[The input — start]
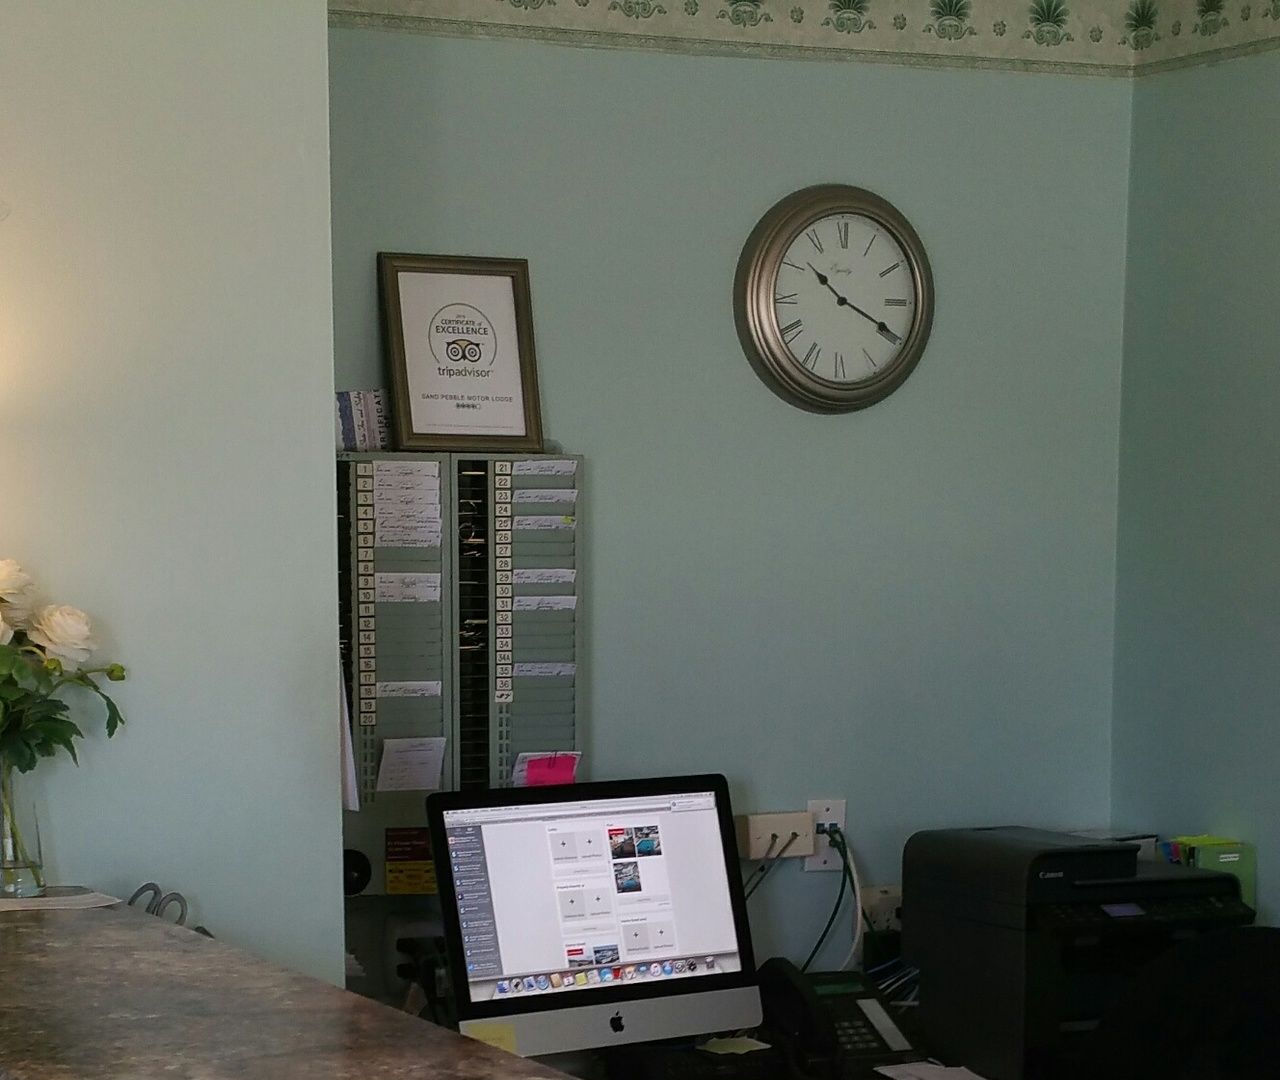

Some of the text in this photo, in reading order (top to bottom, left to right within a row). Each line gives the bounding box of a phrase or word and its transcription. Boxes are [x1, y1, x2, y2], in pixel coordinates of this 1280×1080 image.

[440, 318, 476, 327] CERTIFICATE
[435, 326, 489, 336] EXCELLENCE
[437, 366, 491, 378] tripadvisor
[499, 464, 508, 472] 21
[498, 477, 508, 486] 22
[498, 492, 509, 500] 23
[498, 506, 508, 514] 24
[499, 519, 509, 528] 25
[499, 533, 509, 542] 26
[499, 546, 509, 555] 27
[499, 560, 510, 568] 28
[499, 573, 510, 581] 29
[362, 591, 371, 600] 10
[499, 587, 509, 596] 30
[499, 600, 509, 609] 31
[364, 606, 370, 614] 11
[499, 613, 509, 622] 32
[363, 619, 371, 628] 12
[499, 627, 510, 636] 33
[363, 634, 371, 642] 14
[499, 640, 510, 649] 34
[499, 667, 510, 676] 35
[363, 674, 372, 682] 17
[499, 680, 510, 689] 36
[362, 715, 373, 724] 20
[The input — finish]
§ Requirement
Print each entry exactly, leaving pictures out.

§ Response for this exercise
Some of the text in this photo, in reading order (top to bottom, left to right within a row). Each line gives the bounding box of a phrase or word and its transcription. Boxes are [x1, y1, x2, y2], in pixel coordinates of this 1280×1080 image.

[440, 318, 476, 327] CERTIFICATE
[435, 326, 489, 336] EXCELLENCE
[437, 366, 491, 378] tripadvisor
[499, 464, 508, 472] 21
[498, 477, 508, 486] 22
[498, 492, 509, 500] 23
[498, 506, 508, 514] 24
[499, 519, 509, 528] 25
[499, 533, 509, 542] 26
[499, 546, 509, 555] 27
[499, 560, 510, 568] 28
[499, 573, 510, 581] 29
[362, 591, 371, 600] 10
[499, 587, 509, 596] 30
[499, 600, 509, 609] 31
[364, 606, 370, 614] 11
[499, 613, 509, 622] 32
[363, 619, 371, 628] 12
[499, 627, 510, 636] 33
[363, 634, 371, 642] 14
[499, 640, 510, 649] 34
[499, 667, 510, 676] 35
[363, 674, 372, 682] 17
[499, 680, 510, 689] 36
[362, 715, 373, 724] 20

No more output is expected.